◆ Stored items from a collection
=-=-=-=-=

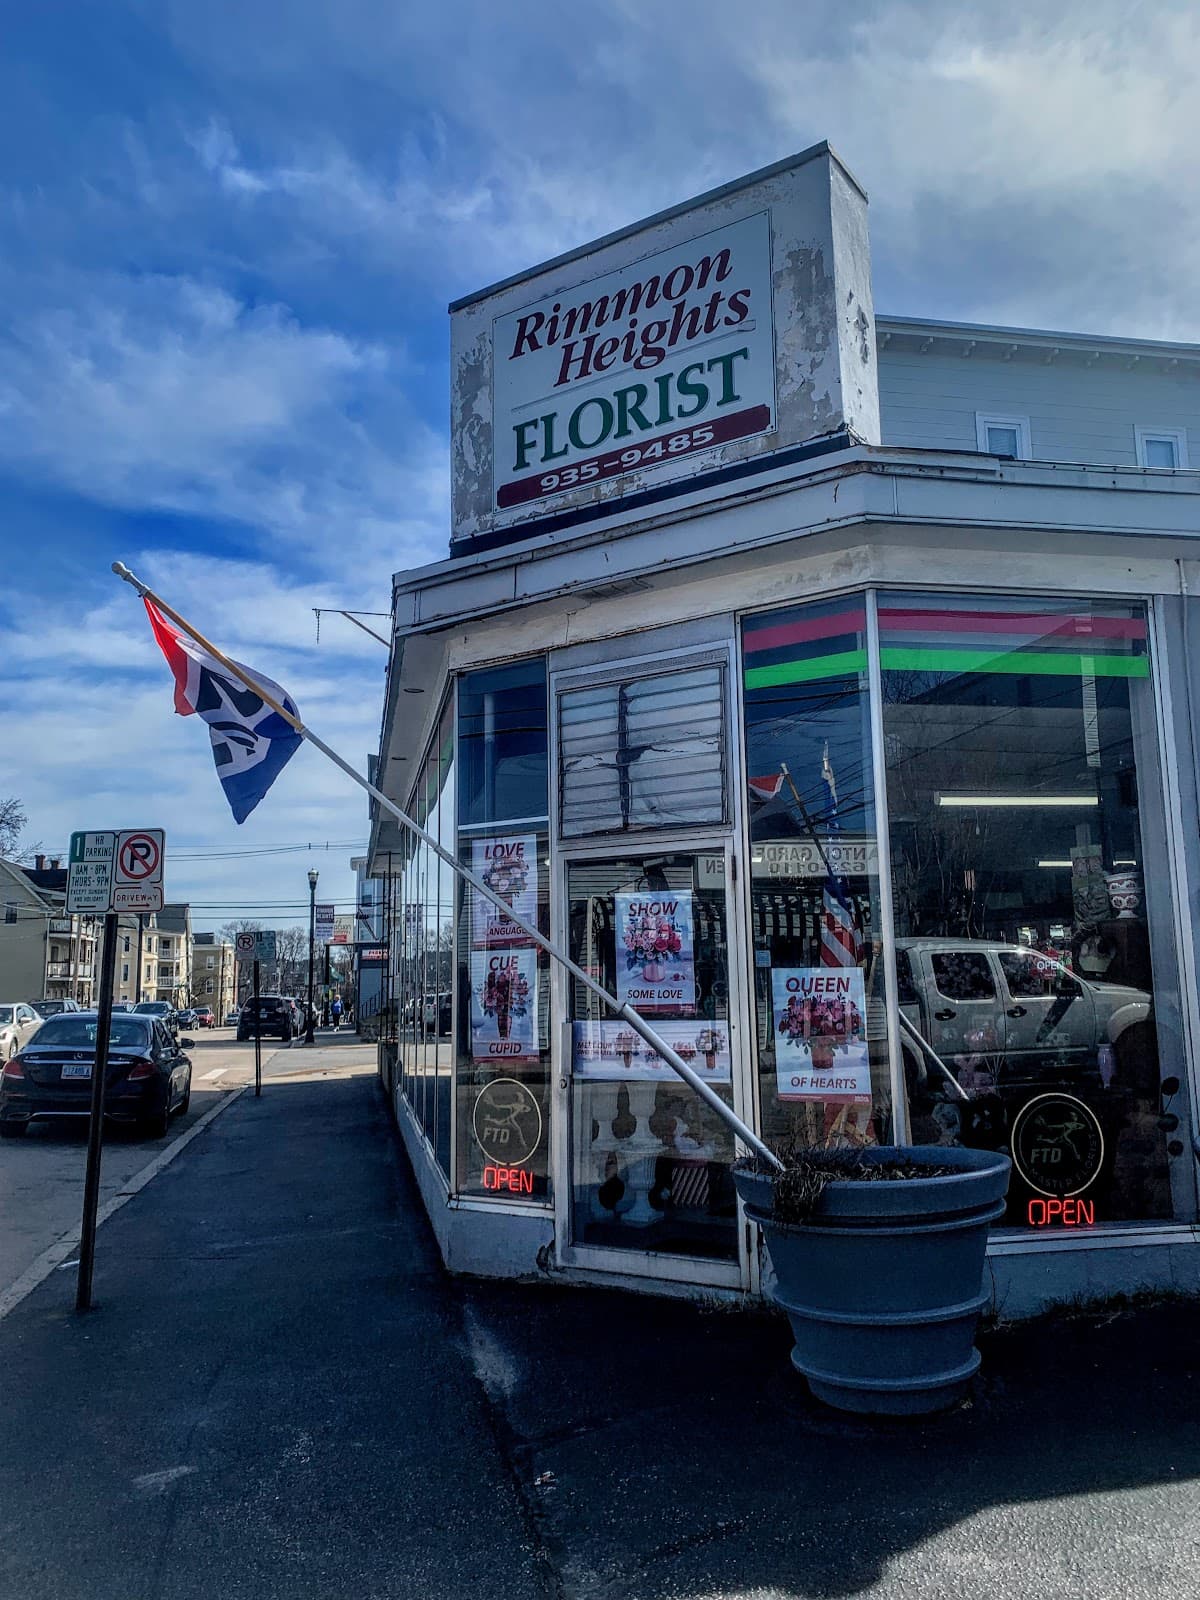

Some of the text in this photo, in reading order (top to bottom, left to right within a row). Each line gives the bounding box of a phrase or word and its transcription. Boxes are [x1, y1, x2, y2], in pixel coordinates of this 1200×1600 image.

[509, 248, 733, 361] Rimmon
[553, 288, 751, 388] Heights
[512, 346, 749, 472] FLORIST
[540, 425, 715, 492] 935-9485
[76, 837, 81, 857] 1
[95, 835, 104, 845] HR
[85, 847, 112, 857] PARKING
[485, 842, 525, 860] LOVE
[75, 865, 88, 875] 8AM
[94, 864, 107, 874] 8PM
[72, 876, 90, 887] THURS
[96, 876, 109, 887] 9PM
[628, 901, 679, 917] SHOW
[489, 955, 519, 971] CUE
[785, 976, 850, 993] QUEEN
[627, 989, 683, 999] SOME LOVE
[489, 1041, 522, 1055] CUPID
[790, 1075, 857, 1090] OF HEARTS
[482, 1127, 510, 1144] FTD
[1031, 1147, 1062, 1164] FTD
[483, 1165, 534, 1194] OPEN
[1028, 1199, 1094, 1225] OPEN
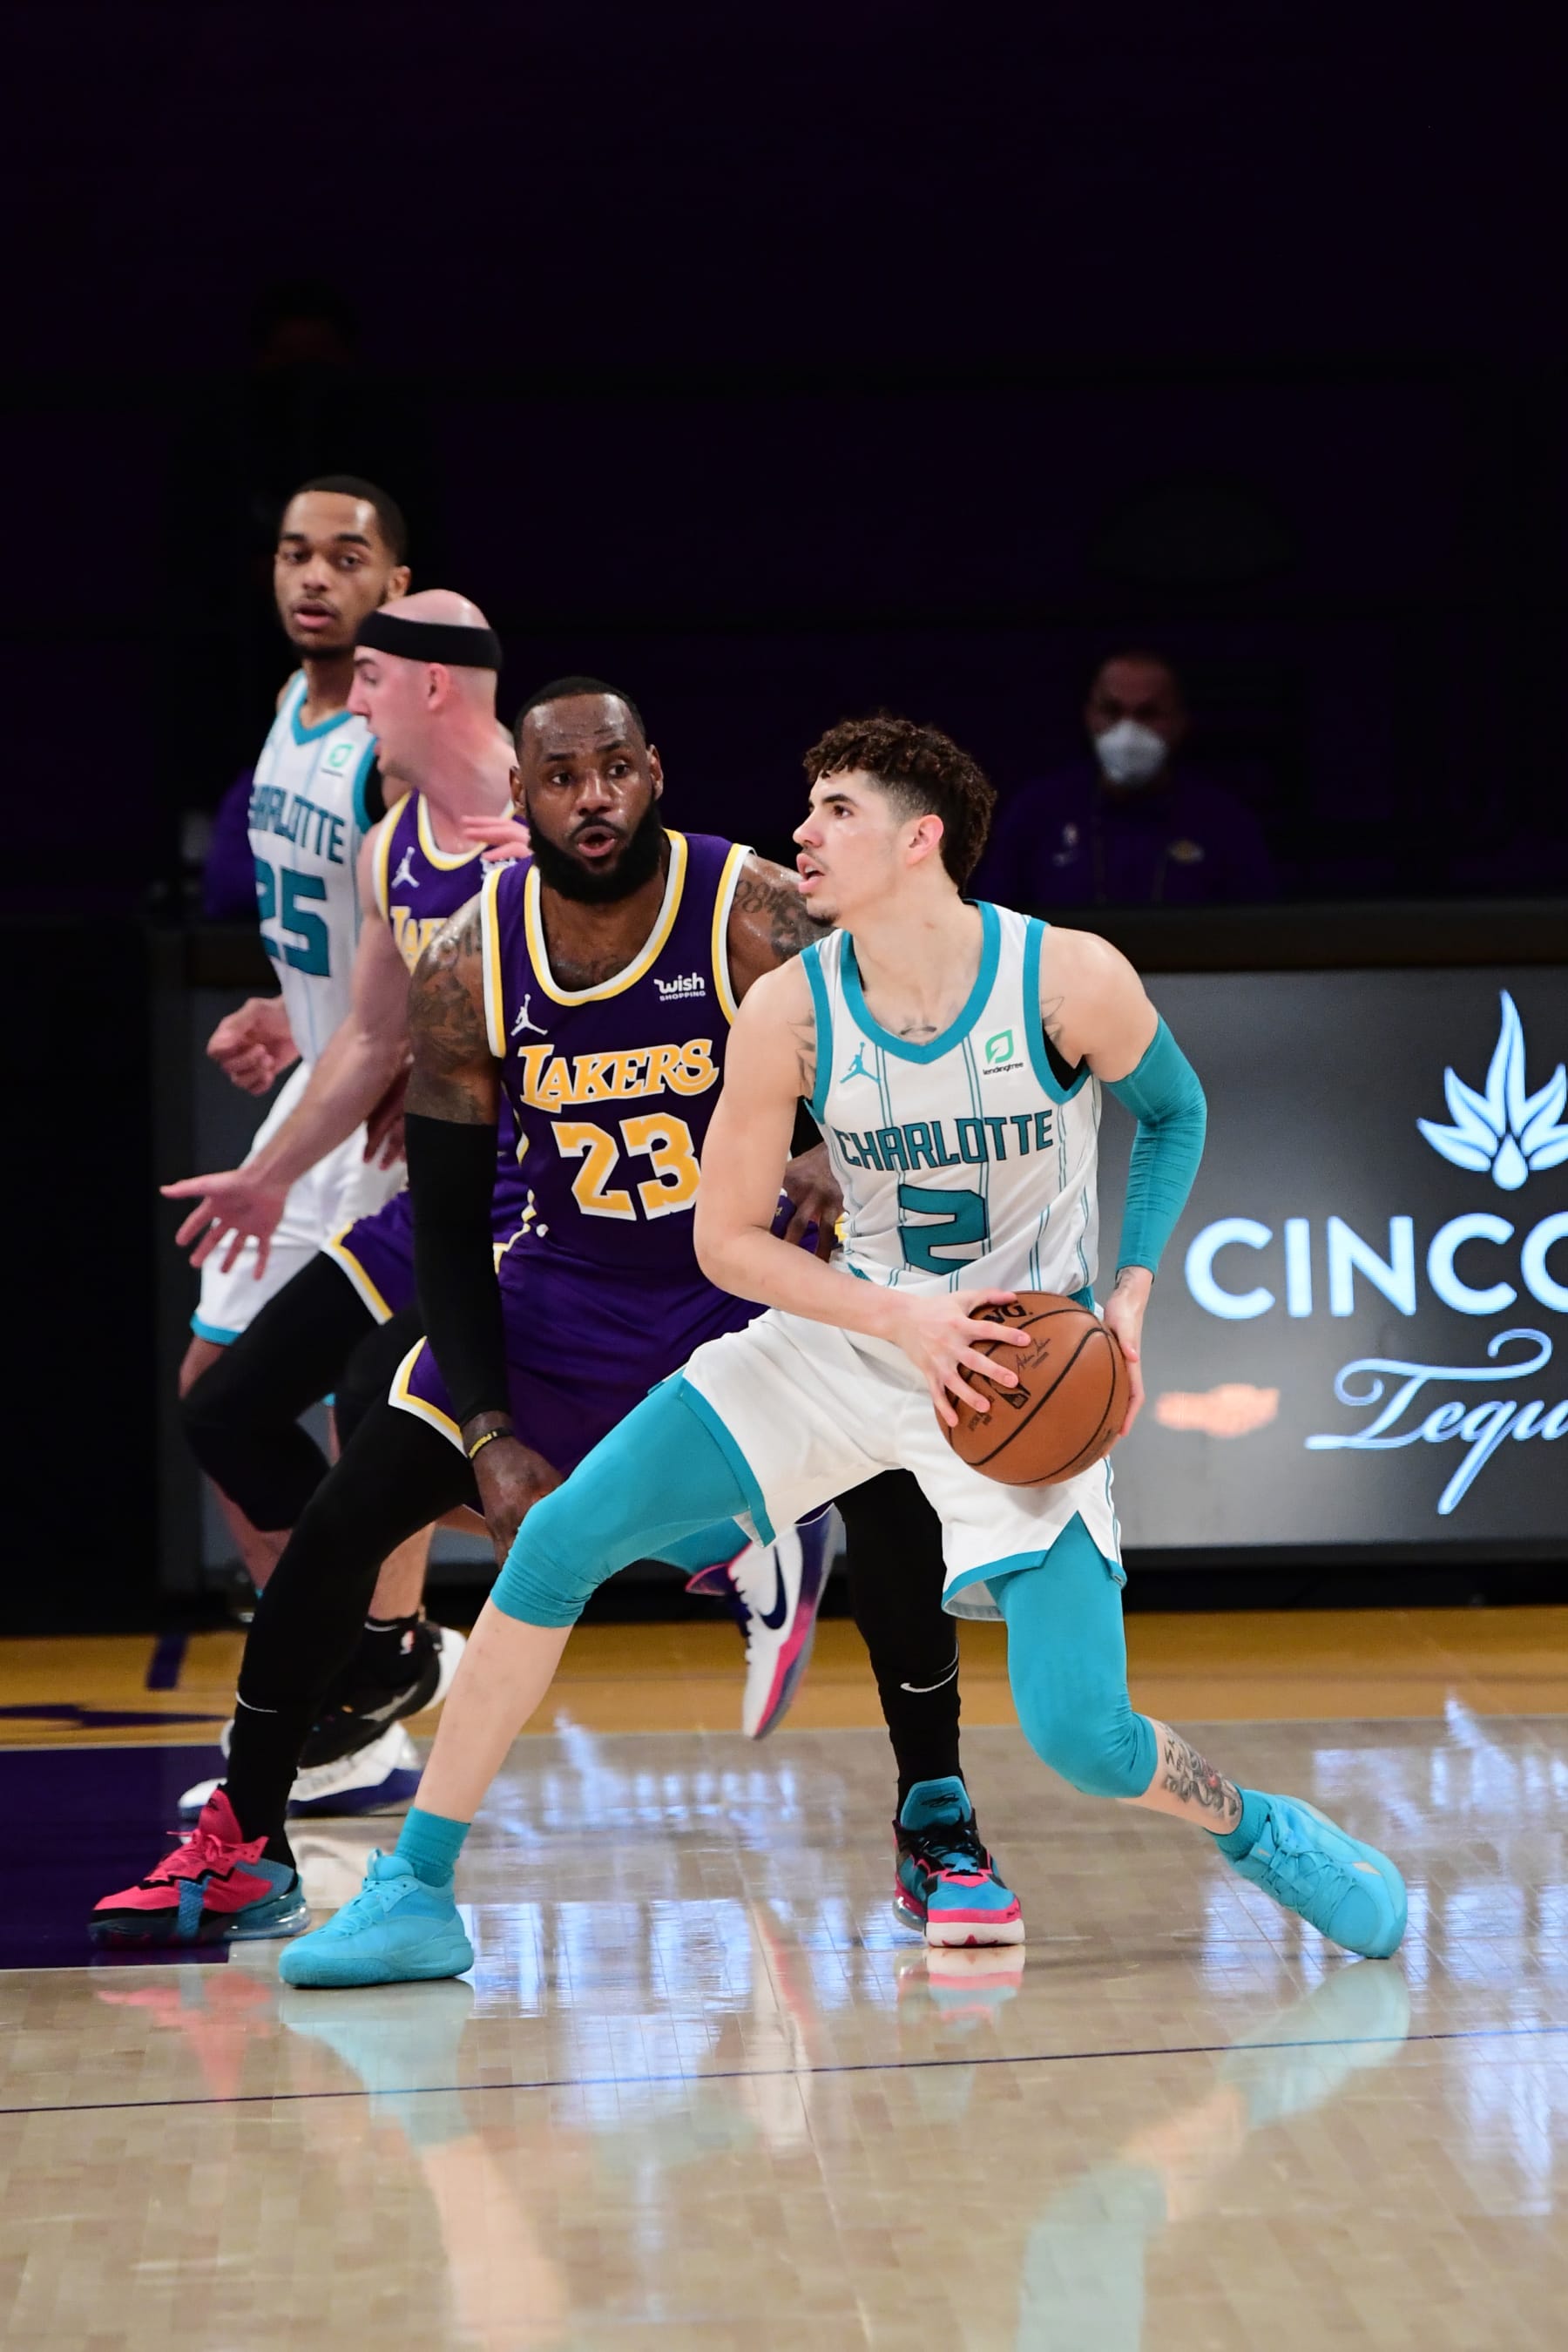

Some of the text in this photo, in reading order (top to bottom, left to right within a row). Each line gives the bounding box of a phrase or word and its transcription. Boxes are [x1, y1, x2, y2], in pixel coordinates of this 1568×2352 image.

=-=-=-=-=

◆ ABOUT THIS TASK
Return the complete data unchanged and include none of the pictures.

◆ EXPECTED ANSWER
Some of the text in this photo, in reading order (top to bottom, left to right within a row). Each line gives the bounding box of a phrase or word and its transcription. Boxes are [x1, y1, x2, y2], in pixel coordinates of this 1200×1600 image.

[509, 248, 733, 361] Rimmon
[553, 288, 751, 388] Heights
[512, 346, 749, 472] FLORIST
[540, 425, 715, 492] 935-9485
[76, 837, 81, 857] 1
[95, 835, 104, 845] HR
[85, 847, 112, 857] PARKING
[485, 842, 525, 860] LOVE
[75, 865, 88, 875] 8AM
[94, 864, 107, 874] 8PM
[72, 876, 90, 887] THURS
[96, 876, 109, 887] 9PM
[628, 901, 679, 917] SHOW
[489, 955, 519, 971] CUE
[785, 976, 850, 993] QUEEN
[627, 989, 683, 999] SOME LOVE
[489, 1041, 522, 1055] CUPID
[790, 1075, 857, 1090] OF HEARTS
[482, 1127, 510, 1144] FTD
[1031, 1147, 1062, 1164] FTD
[483, 1165, 534, 1194] OPEN
[1028, 1199, 1094, 1225] OPEN

Some of the text in this photo, in reading order (top to bottom, left to right within a row). Each line gives the bounding box of a phrase or word and its transcription. Boxes are [x1, y1, x2, y2], in pixel coordinates of this 1568×2352 image.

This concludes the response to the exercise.